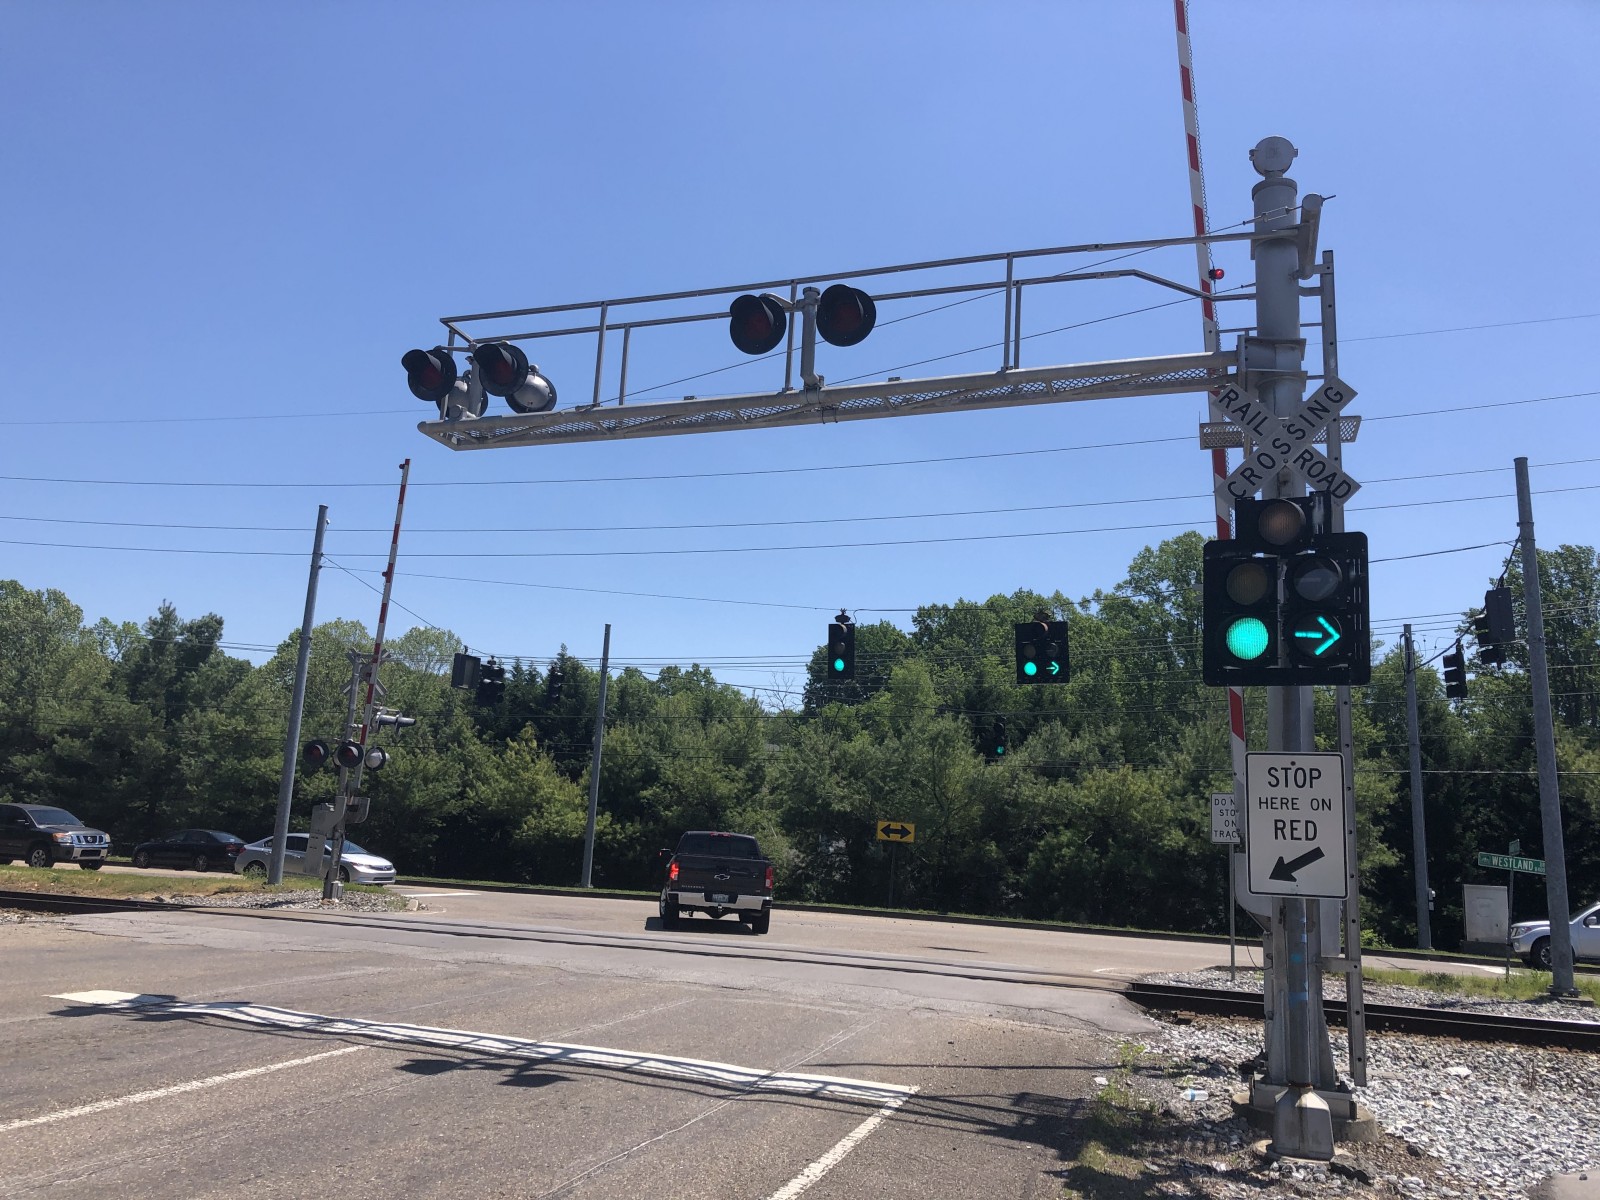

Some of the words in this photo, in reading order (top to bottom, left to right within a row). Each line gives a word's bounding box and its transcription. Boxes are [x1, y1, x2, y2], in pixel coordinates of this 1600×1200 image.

[1218, 389, 1268, 437] RAIL
[1293, 448, 1352, 499] ROAD
[1227, 386, 1343, 499] CROSSING
[1267, 767, 1322, 789] STOP
[1214, 798, 1227, 806] DO
[1258, 797, 1300, 811] HERE
[1310, 798, 1332, 811] ON
[1219, 809, 1236, 817] STO
[1213, 830, 1239, 838] TRAC
[1274, 819, 1318, 841] RED
[1492, 855, 1534, 871] WESTLAND
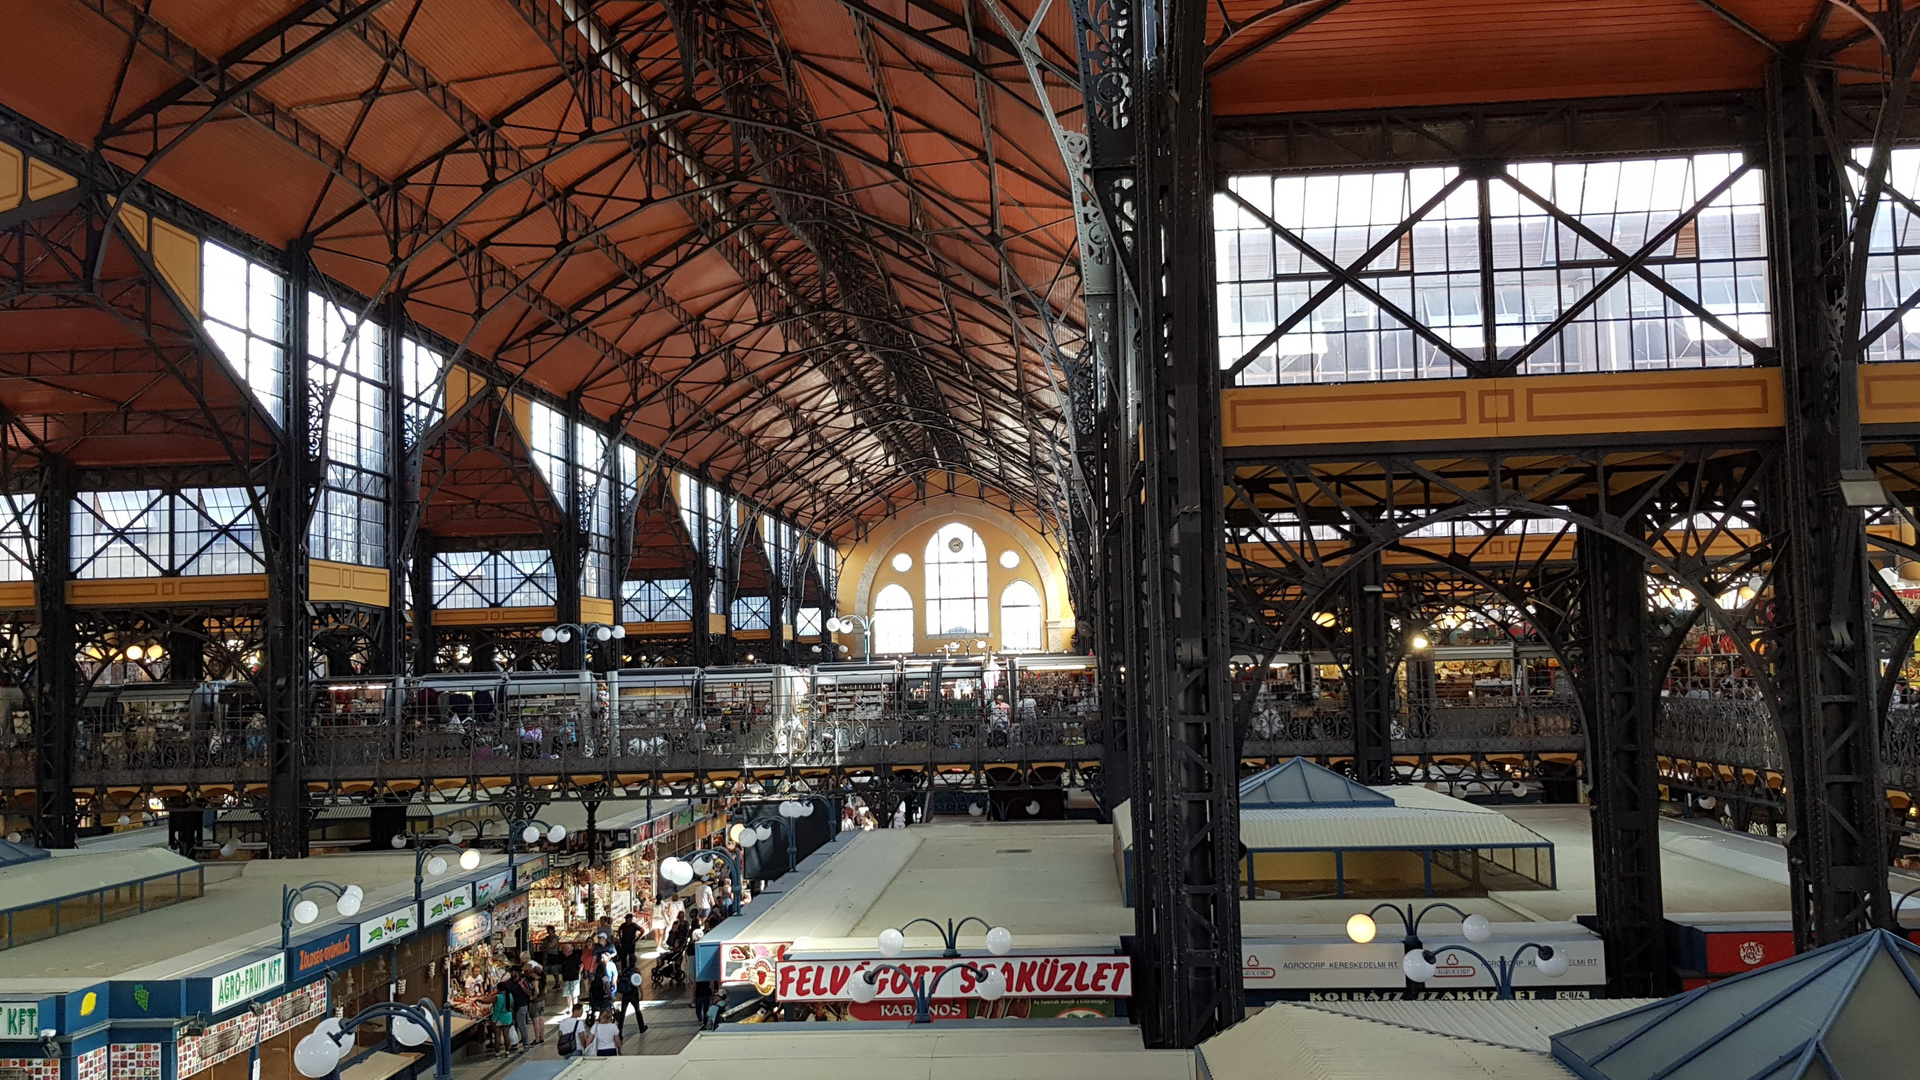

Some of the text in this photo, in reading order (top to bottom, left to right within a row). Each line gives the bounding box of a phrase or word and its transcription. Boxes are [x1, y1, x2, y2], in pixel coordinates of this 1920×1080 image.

[960, 957, 1130, 994] SAKÜZLET
[1329, 961, 1385, 969] KERESKEDELMI
[218, 958, 283, 1006] AGRO-FRUIT KFT.
[1416, 989, 1538, 1001] SZAKÜZET
[880, 1003, 962, 1017] KABNOS
[7, 1008, 38, 1036] KFT.
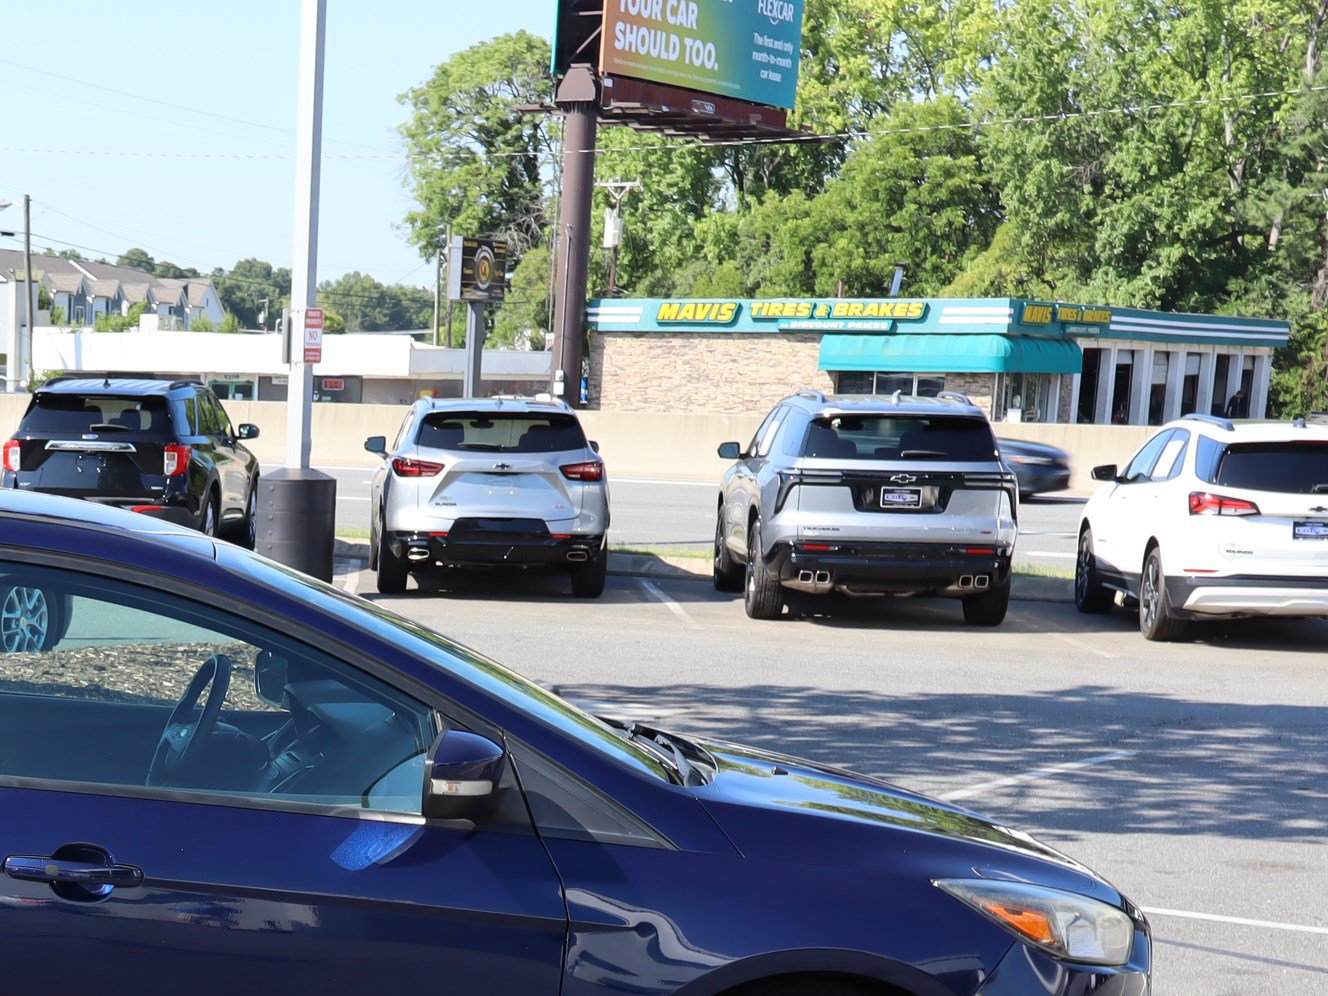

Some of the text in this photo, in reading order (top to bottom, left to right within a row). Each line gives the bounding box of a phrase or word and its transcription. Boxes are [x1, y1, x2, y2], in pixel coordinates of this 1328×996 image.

[666, 0, 698, 30] CAR
[757, 0, 794, 22] FLEXCAR
[614, 20, 719, 71] SHOULD TOO.
[753, 32, 793, 55] The first and only
[752, 51, 792, 69] month-to-month
[759, 69, 782, 82] car lease
[657, 302, 923, 321] MAVIS TIRES & BRAKES
[1023, 305, 1053, 323] MAVIS
[1057, 307, 1078, 320] TIRES
[1083, 309, 1111, 323] BRAKES
[789, 321, 845, 330] DISCOUNT
[847, 321, 888, 330] PRICES
[308, 330, 318, 341] NO
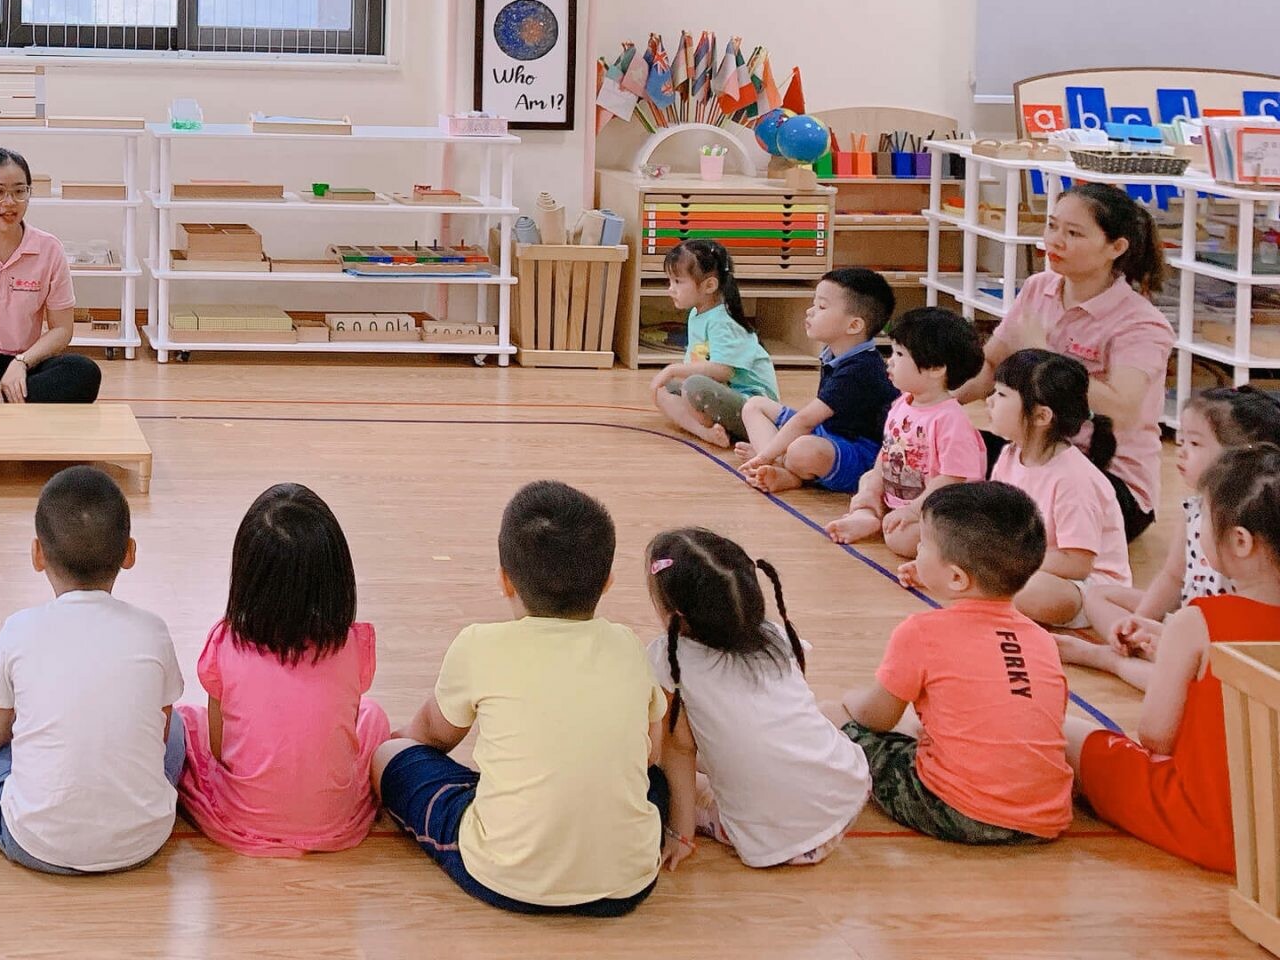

Work instructions:
Produce a verbatim copy of every entry, excluding pictures.

Solution below:
Some of the words in this photo, in reading order (top to bottom, left to right within a row). Each line gives a word's bounding box and its transcription. Boxes are [x1, y1, x2, y2], in pixel coordinates of this 1600×1200 image.

[1218, 389, 1268, 437] RAIL
[1293, 448, 1352, 499] ROAD
[1227, 386, 1343, 499] CROSSING
[1267, 767, 1322, 789] STOP
[1214, 798, 1227, 806] DO
[1258, 797, 1300, 811] HERE
[1310, 798, 1332, 811] ON
[1219, 809, 1236, 817] STO
[1213, 830, 1239, 838] TRAC
[1274, 819, 1318, 841] RED
[1492, 855, 1534, 871] WESTLAND

Some of the text in this photo, in reading order (top to bottom, left to right within a row). Each line gives the bounding box of a phrase or word and its transcription. Boxes are [x1, y1, x2, y2], in pixel coordinates of this 1920×1080 image.

[960, 957, 1130, 994] SAKÜZLET
[1329, 961, 1385, 969] KERESKEDELMI
[218, 958, 283, 1006] AGRO-FRUIT KFT.
[1416, 989, 1538, 1001] SZAKÜZET
[880, 1003, 962, 1017] KABNOS
[7, 1008, 38, 1036] KFT.

Some of the text in this photo, in reading order (top to bottom, left to right within a row). Each line gives the bounding box of a phrase or word and its transcription. Boxes are [x1, y1, x2, y2], in pixel coordinates of this 1328×996 image.

[666, 0, 698, 30] CAR
[757, 0, 794, 22] FLEXCAR
[614, 20, 719, 71] SHOULD TOO.
[753, 32, 793, 55] The first and only
[752, 51, 792, 69] month-to-month
[759, 69, 782, 82] car lease
[657, 302, 923, 321] MAVIS TIRES & BRAKES
[1023, 305, 1053, 323] MAVIS
[1057, 307, 1078, 320] TIRES
[1083, 309, 1111, 323] BRAKES
[789, 321, 845, 330] DISCOUNT
[847, 321, 888, 330] PRICES
[308, 330, 318, 341] NO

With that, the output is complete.